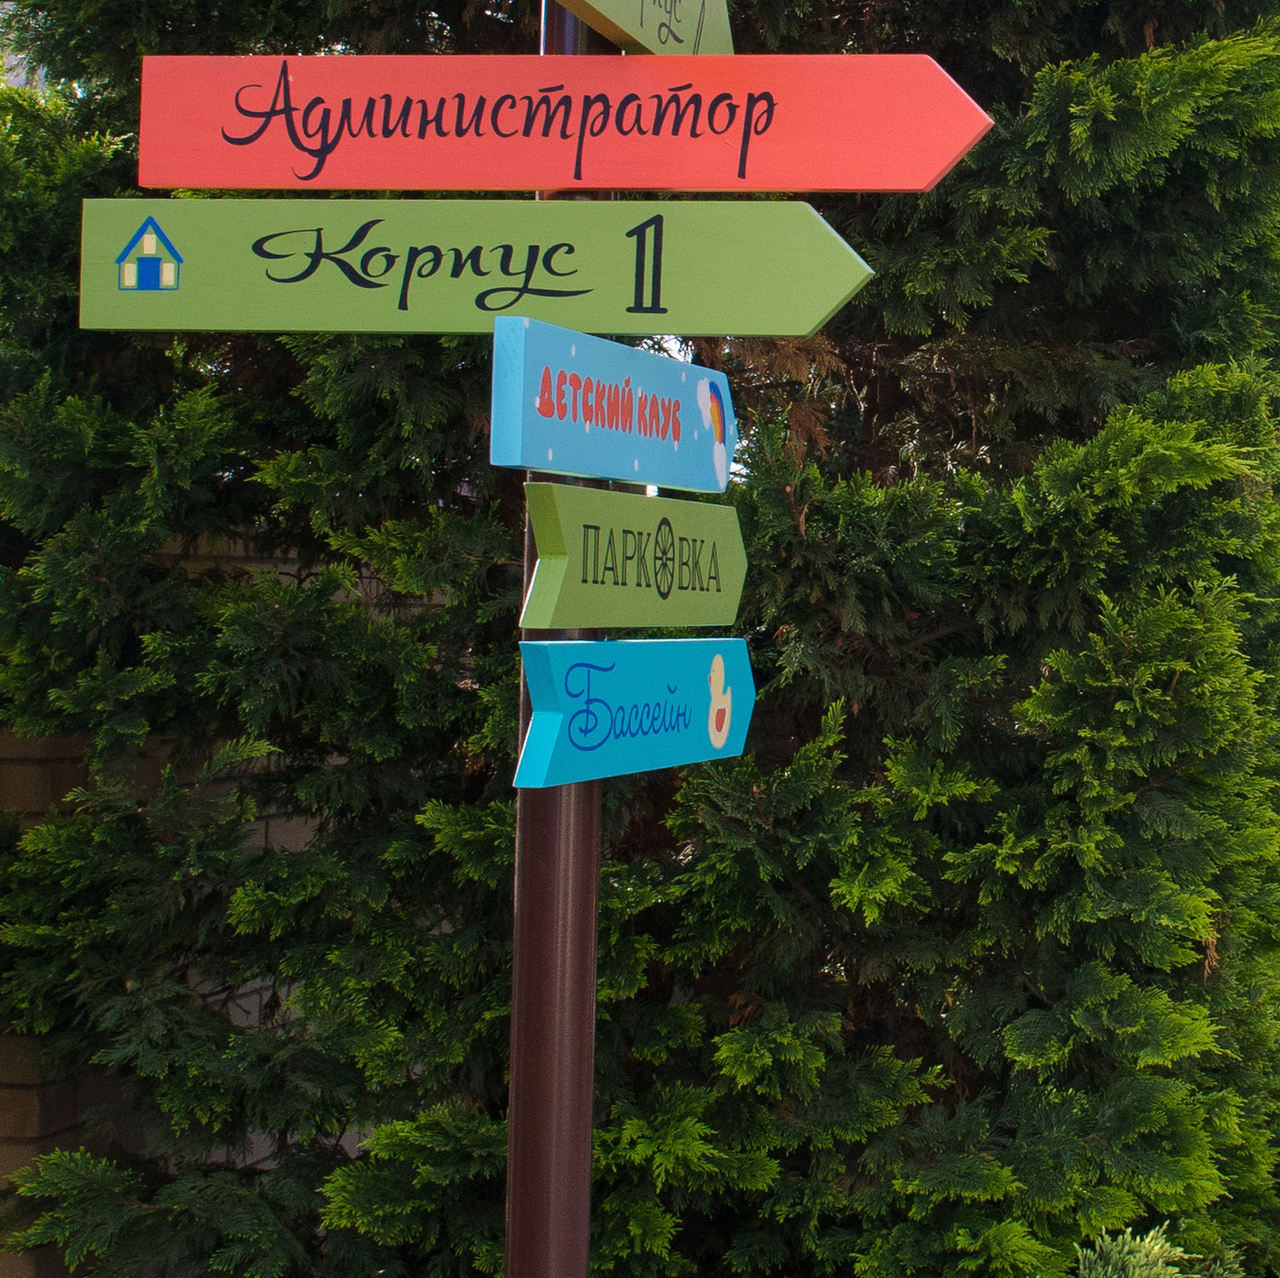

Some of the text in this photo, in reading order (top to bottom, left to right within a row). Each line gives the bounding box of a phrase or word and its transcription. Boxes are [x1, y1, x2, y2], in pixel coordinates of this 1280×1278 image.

[221, 60, 779, 181] Администратор
[251, 214, 668, 315] Корпус 1
[536, 365, 682, 443] ДЕТСКИЙ КЛУБ
[582, 517, 721, 600] ПАРКОВКА
[564, 662, 693, 752] Бассейн

----

▶ WORK REQUIRED: With the pictures excluded, restate the material exactly as it stands.

▶ ANSWER:
Some of the text in this photo, in reading order (top to bottom, left to right within a row). Each line gives the bounding box of a phrase or word and its transcription. Boxes are [x1, y1, x2, y2], in pixel coordinates of this 1280×1278 image.

[221, 60, 779, 181] Администратор
[251, 214, 668, 315] Корпус 1
[536, 365, 682, 443] ДЕТСКИЙ КЛУБ
[582, 517, 721, 600] ПАРКОВКА
[564, 662, 693, 752] Бассейн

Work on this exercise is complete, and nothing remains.